Long hours of June daylight caught up to us at 2230. Knowing our dinner sitting time, Dominique had turned down our beds. An upper berth for me with a fan blowing cool air, a soft pillow and ample duvet all combined with the train's motion playing their symphony of somnolence. A one-hour stop at Hornepayne was the only nighttime event noted before Longlac. There, we beat the rush for the welcome morning shower, complete with shower-kit in drawstring plastic VIA bag. We served ourselves Continental breakfast from the Skyline's lower level. A selection of cellophane-wrapped muffins, croissants, fruit, juice and coffee, and the real fuel the Canadian ran on: crinkly-wrapped two-packs of Peek Freans cookies! We were still predicted to arrive in Winnipeg at 1800. More about that later.

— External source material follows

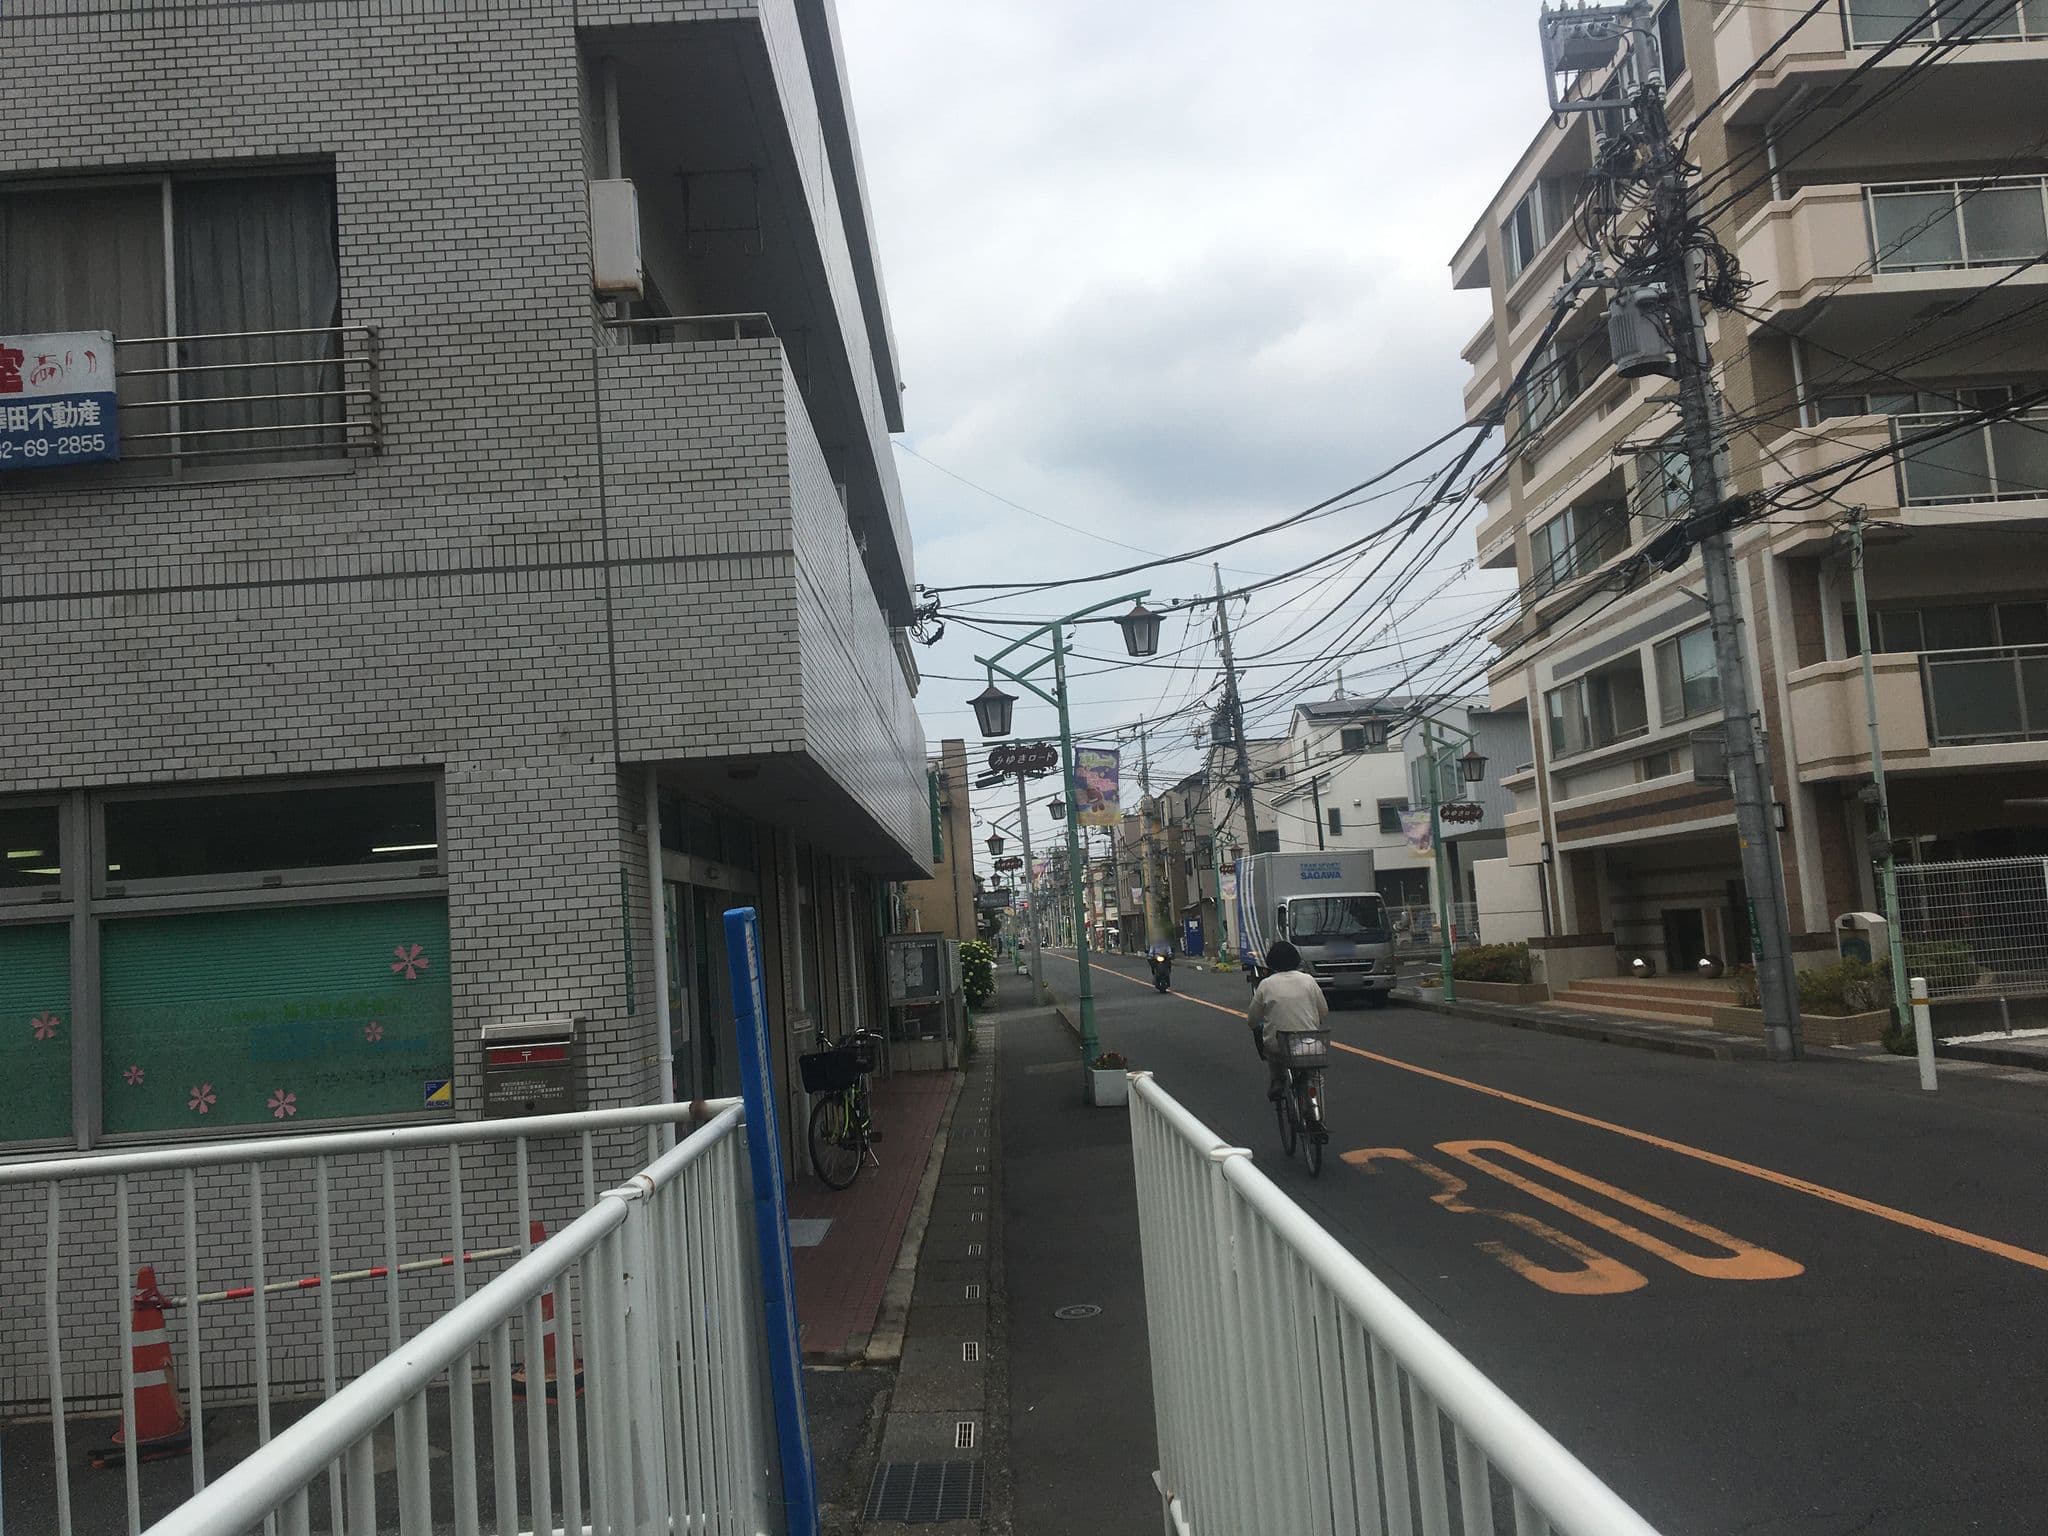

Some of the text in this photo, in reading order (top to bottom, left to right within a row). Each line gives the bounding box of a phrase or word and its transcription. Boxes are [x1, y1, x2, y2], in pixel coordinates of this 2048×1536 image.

Ascending to the dome, surrounded by spruce, we were doing a mile a minute near Auden, now on CN's Caramat Sub. We pulled into a siding for an eastbound intermodal holding the main, powered by CN 2339-8000-5780, then another east of Armstrong with 2984-3089. More meets: at 0920 mainly auto racks behind 2931-3032 (below) then grain at 1015 behind 3853-3060.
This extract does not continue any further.